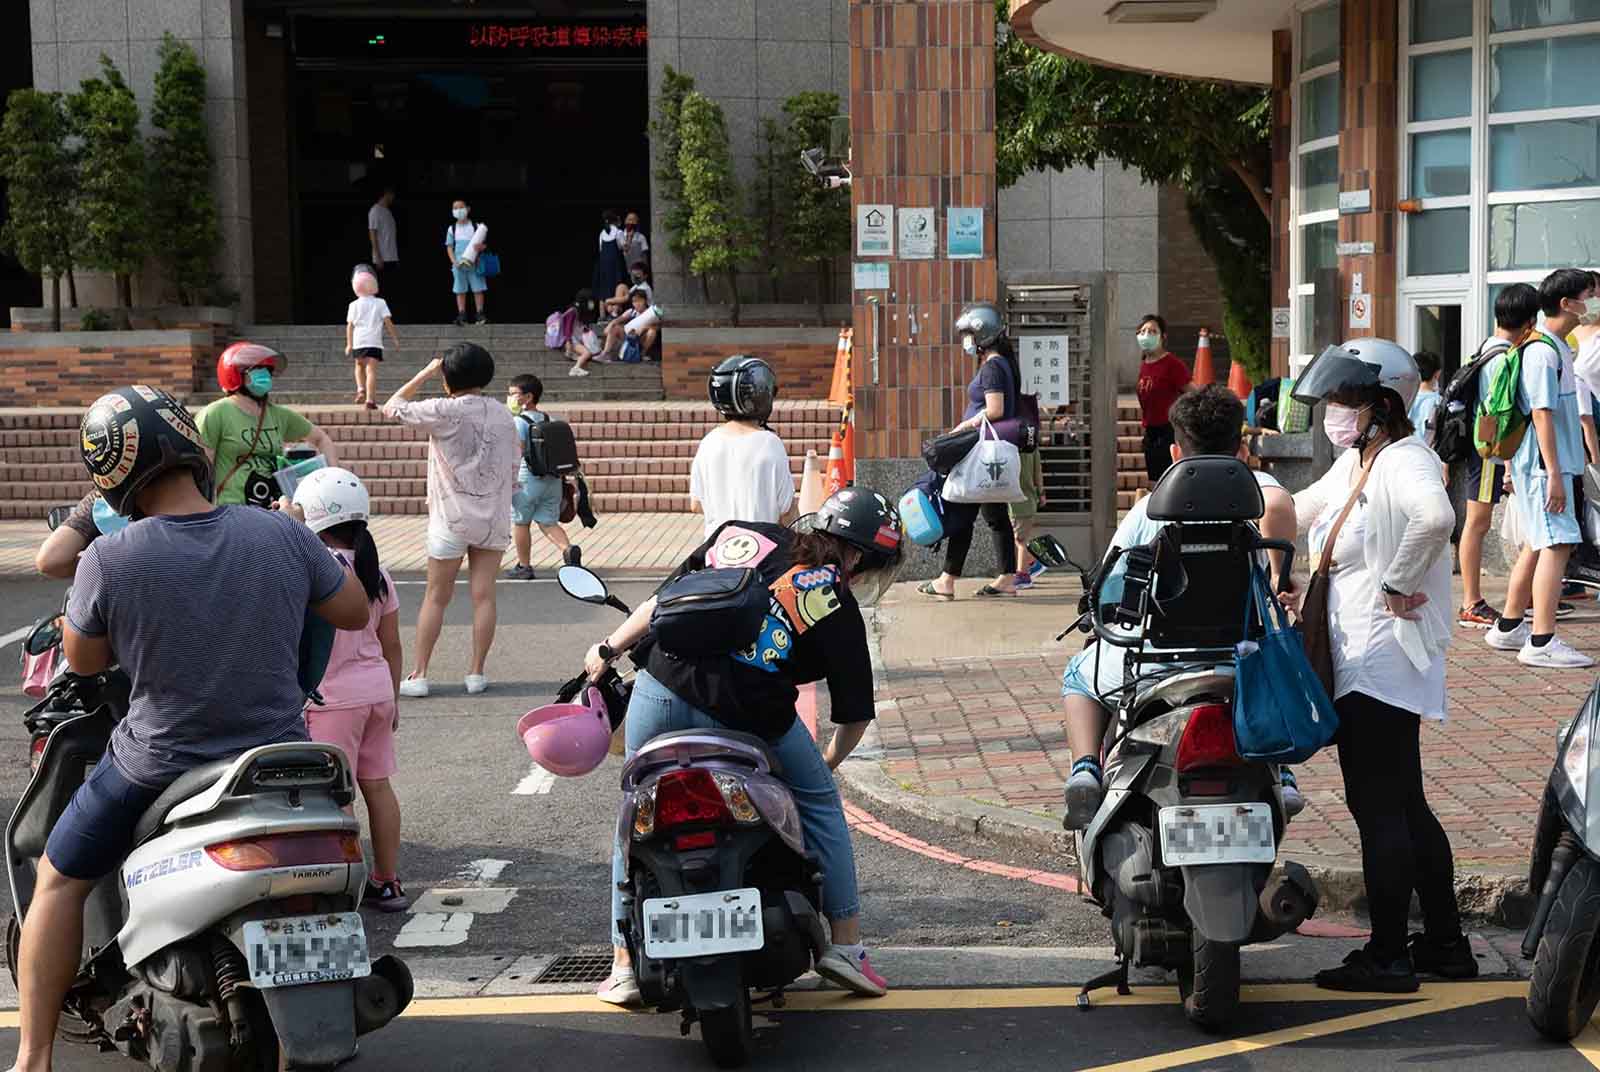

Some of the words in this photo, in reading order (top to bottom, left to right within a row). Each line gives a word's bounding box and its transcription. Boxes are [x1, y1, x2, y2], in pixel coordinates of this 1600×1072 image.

[127, 850, 204, 888] METZELER
[283, 919, 327, 934] 台北市
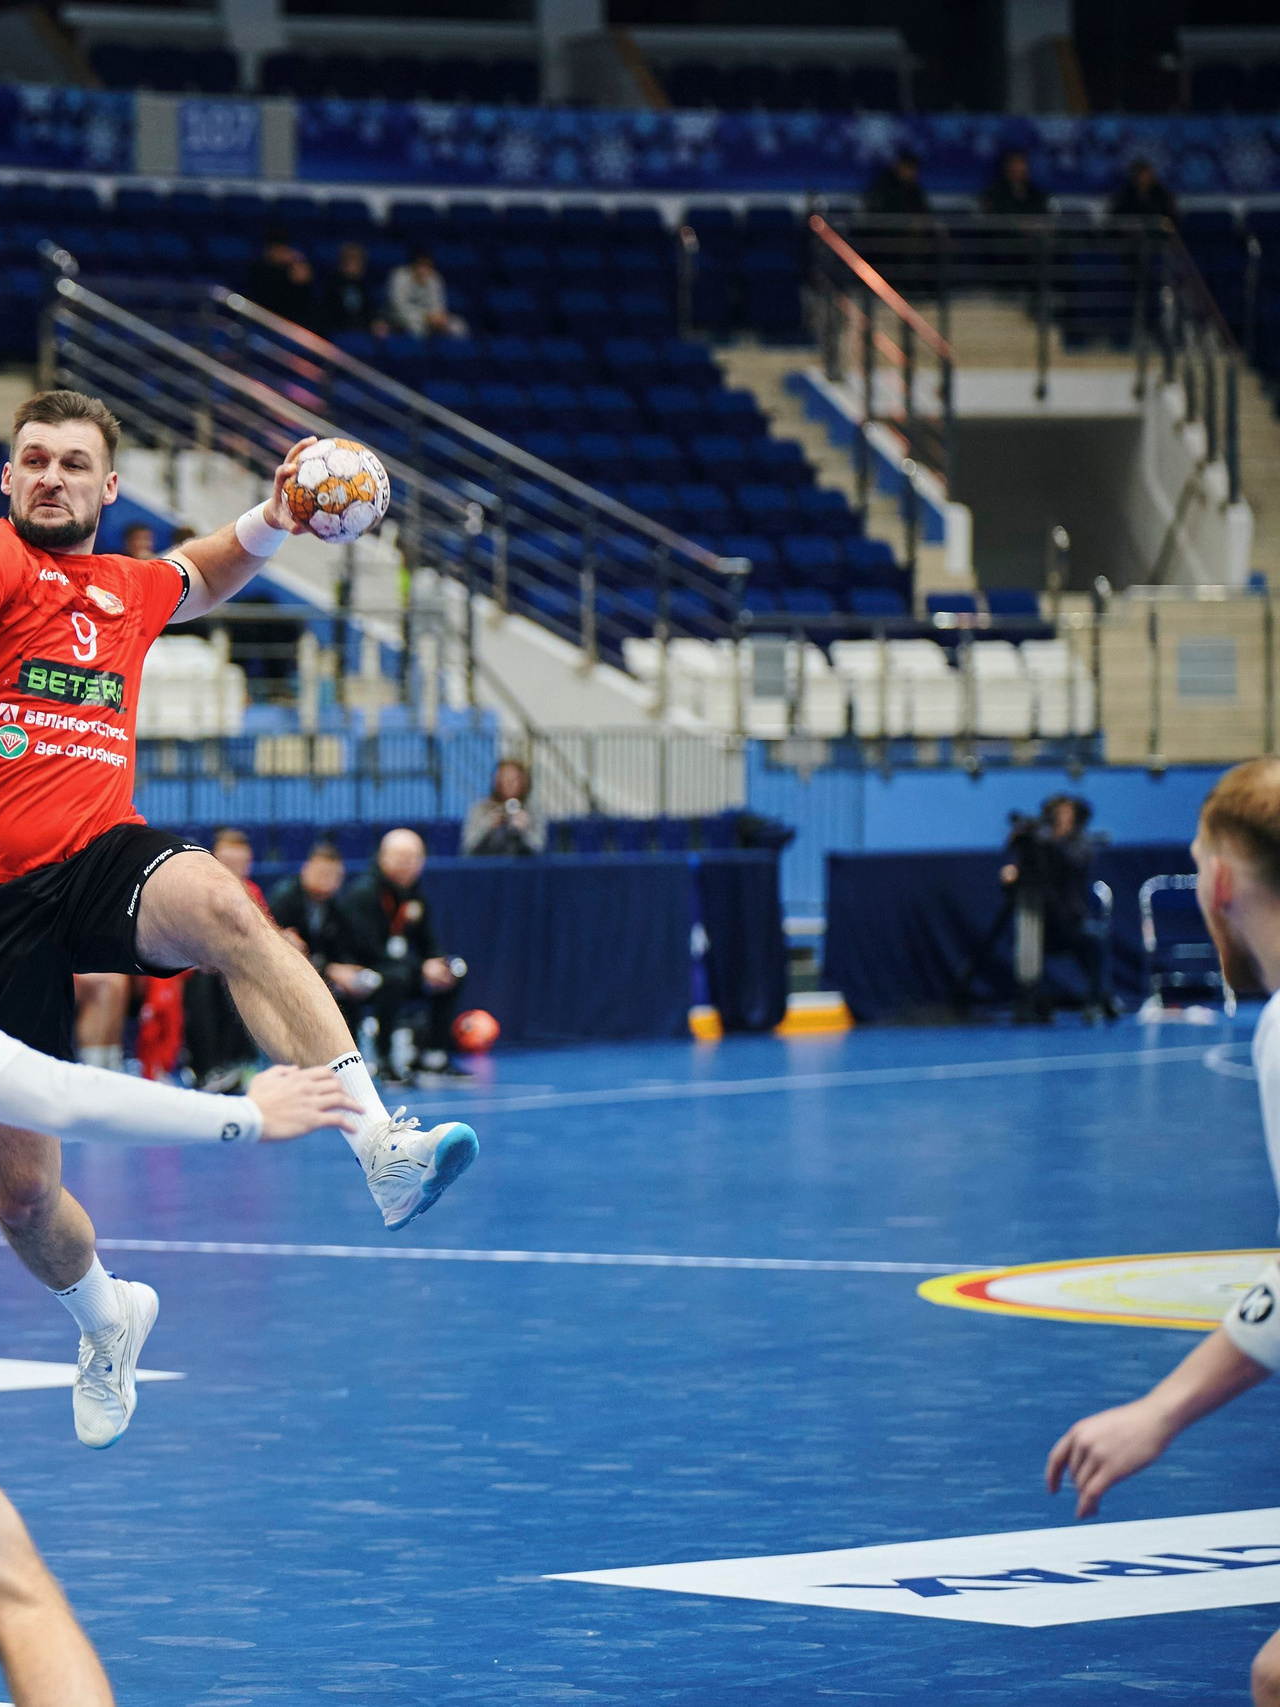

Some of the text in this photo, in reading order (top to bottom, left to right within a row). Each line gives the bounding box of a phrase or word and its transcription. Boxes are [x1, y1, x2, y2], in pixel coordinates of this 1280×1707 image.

[39, 568, 70, 586] Kemp
[71, 611, 97, 661] 9
[24, 710, 129, 741] БЕЛНЕФТСТРХ
[34, 741, 127, 769] BELORUSNEFT
[143, 848, 173, 876] Kempa
[331, 1055, 362, 1073] emp
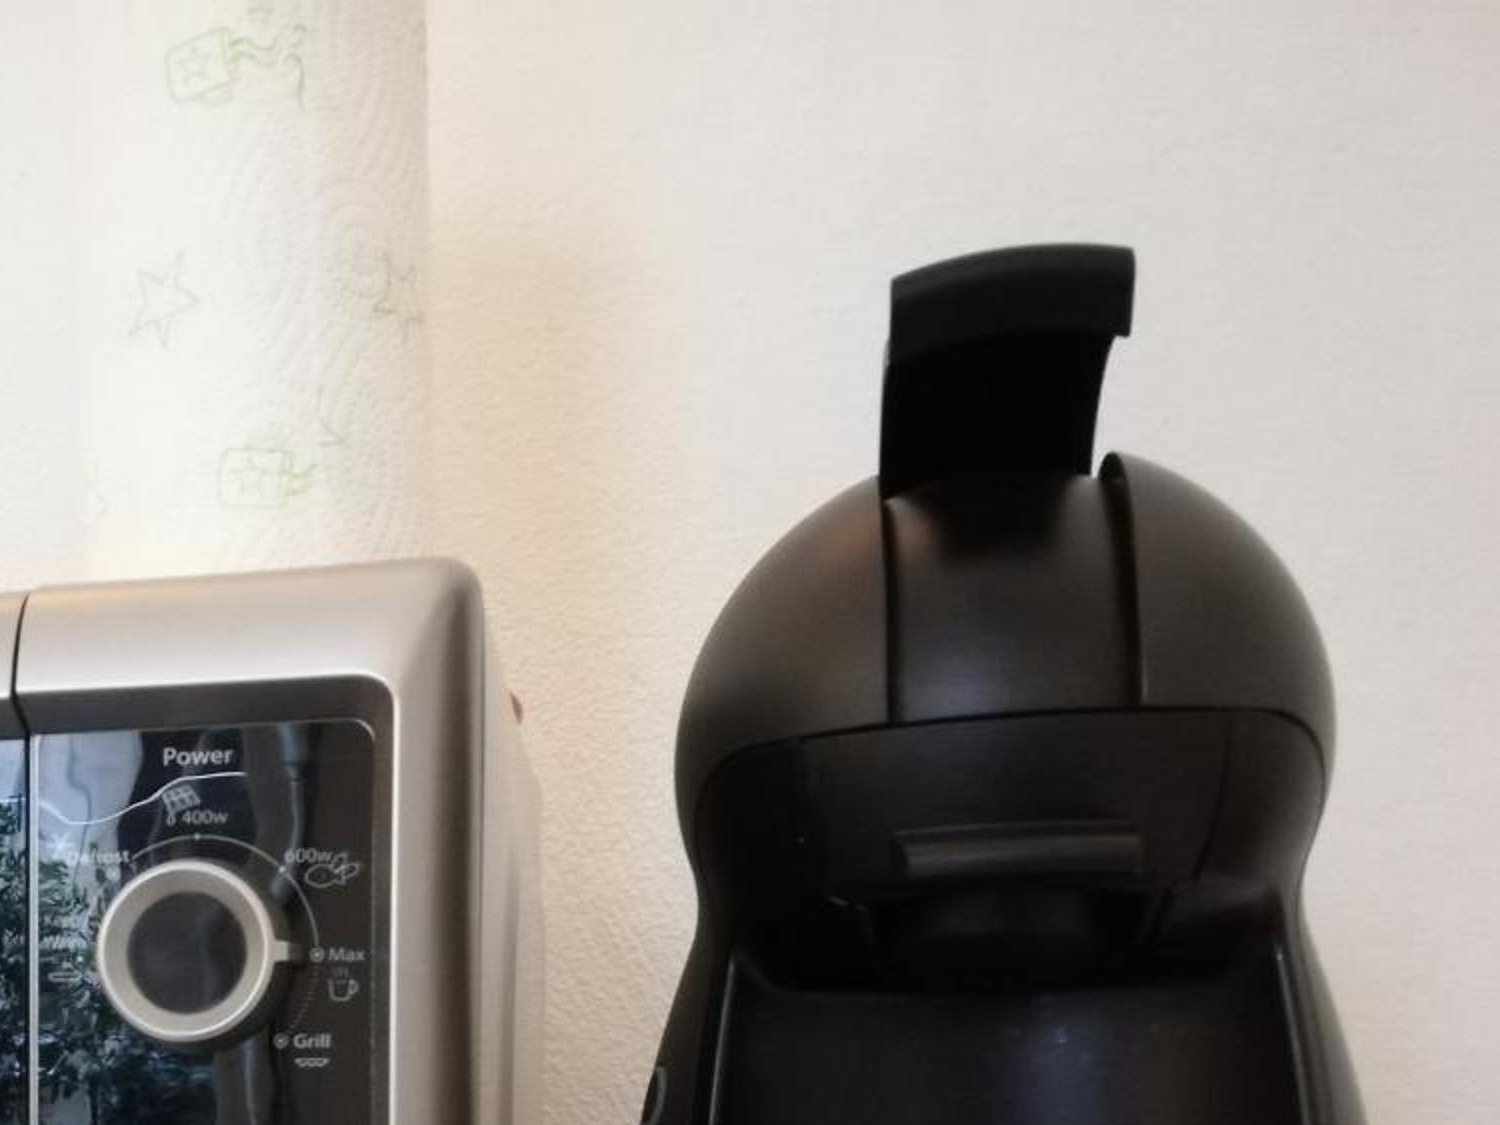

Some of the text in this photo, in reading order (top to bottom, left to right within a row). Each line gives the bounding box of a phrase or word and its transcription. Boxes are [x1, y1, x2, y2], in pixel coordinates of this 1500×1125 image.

[163, 747, 233, 766] Power
[181, 809, 228, 825] 400w
[284, 847, 333, 863] 600w
[329, 947, 365, 961] Max
[293, 1032, 332, 1049] Grill

******************************

**Try it**
The lines from the one with "this 1280×1707 image." to the end of the data above should be retyped exactly, both ends included, and pictures are to be left out.

**Written reply**
Some of the text in this photo, in reading order (top to bottom, left to right within a row). Each line gives the bounding box of a phrase or word and its transcription. Boxes are [x1, y1, x2, y2], in pixel coordinates of this 1280×1707 image.

[39, 568, 70, 586] Kemp
[71, 611, 97, 661] 9
[24, 710, 129, 741] БЕЛНЕФТСТРХ
[34, 741, 127, 769] BELORUSNEFT
[143, 848, 173, 876] Kempa
[331, 1055, 362, 1073] emp

Some of the text in this photo, in reading order (top to bottom, left to right within a row). Each line gives the bounding box of a phrase or word and its transcription. Boxes are [x1, y1, x2, y2], in pixel coordinates of this 1500×1125 image.

[163, 747, 233, 766] Power
[181, 809, 228, 825] 400w
[284, 847, 333, 863] 600w
[329, 947, 365, 961] Max
[293, 1032, 332, 1049] Grill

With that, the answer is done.